Are Cougars on Their Way to New York?
As if bears weren't frightening enough, cougars have been moving east across the United States and there's a chance they'll become more prevalent in New York.
If you've been reading WNBF.com over the past six months, you already know that I'm not a fan of predatory wildlife. Objectively, animals like bears and cougars are really interesting and I'll watch a nature documentary on them any day of the week. But as far as sharing a backyard with them goes, I'll take a hard pass 100 times out of 100.
So imagine my distress when I learned that cougars have been moving east across the United States and there's plenty of suitable habitats for them to stay in New York.
Mark Elbroch, director of the puma program at Panthera, wrote an opinion essay in the New York Times detailing places east of the Mississippi River that could prove to be a suitable forever home for cougars migrating east. And there's plenty of suitable forever homes to go around for cougars in New York State, with some of it in the Southern Tier and getting uncomfortably close to the Binghamton area.

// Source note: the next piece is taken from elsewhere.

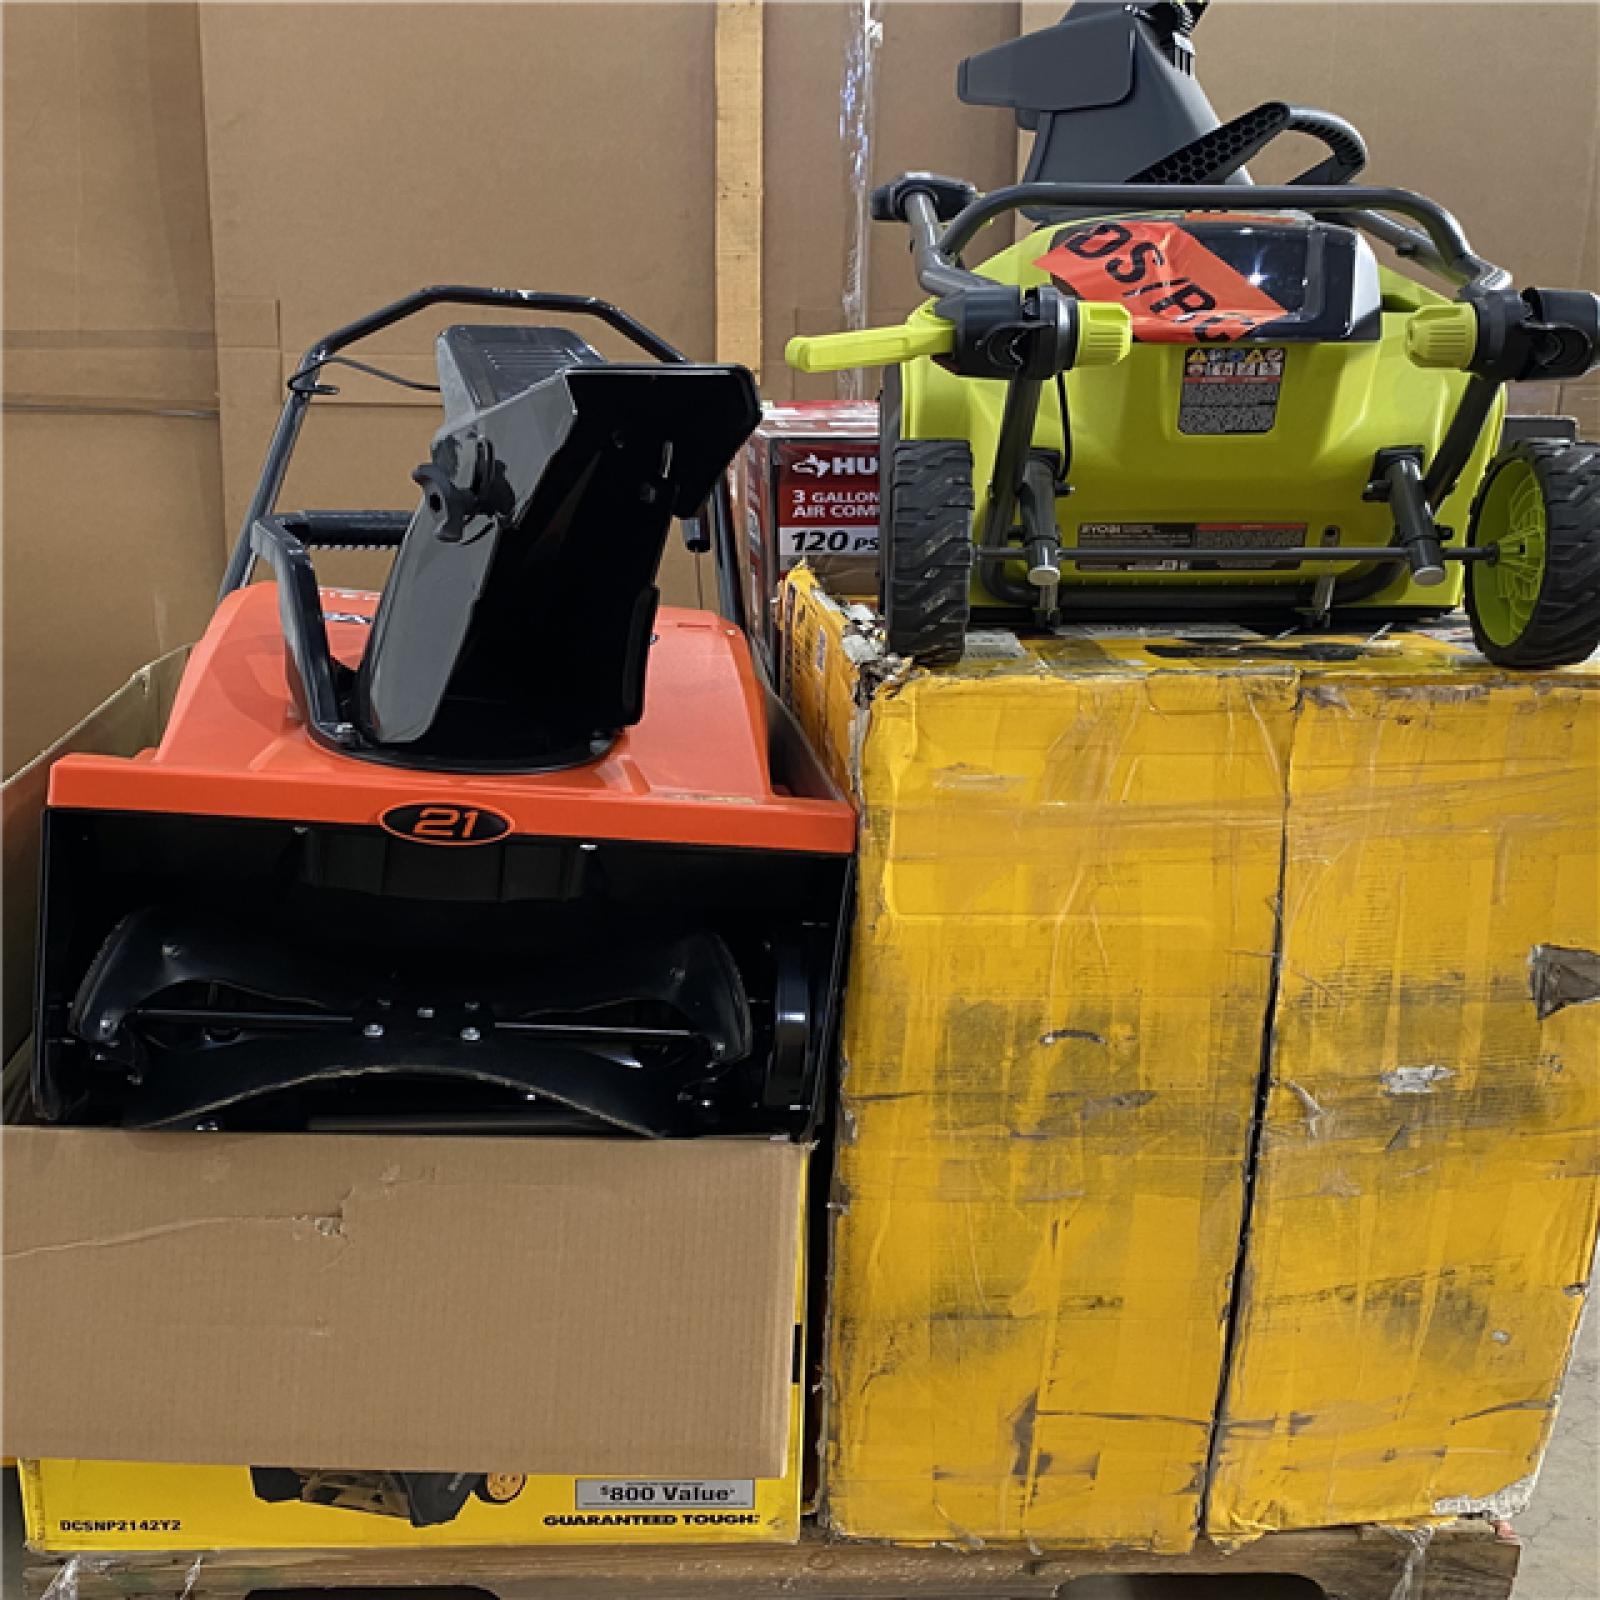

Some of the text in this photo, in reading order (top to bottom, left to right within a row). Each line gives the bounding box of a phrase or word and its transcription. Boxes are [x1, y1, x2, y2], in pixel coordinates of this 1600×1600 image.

Luckily for me, according to the article cougars are as wary of me as I am of them, so the likelihood of finding yourself on the wrong end of an angry cougar is actually pretty low. And there could be ecological benefits to cougars settling in New York, like controlling deer populations which could reduce deer-related traffic accidents. The article noted that when cougars returned to South Dakota in the 1990s, deer-related accident costs fell by $1.1 million each year.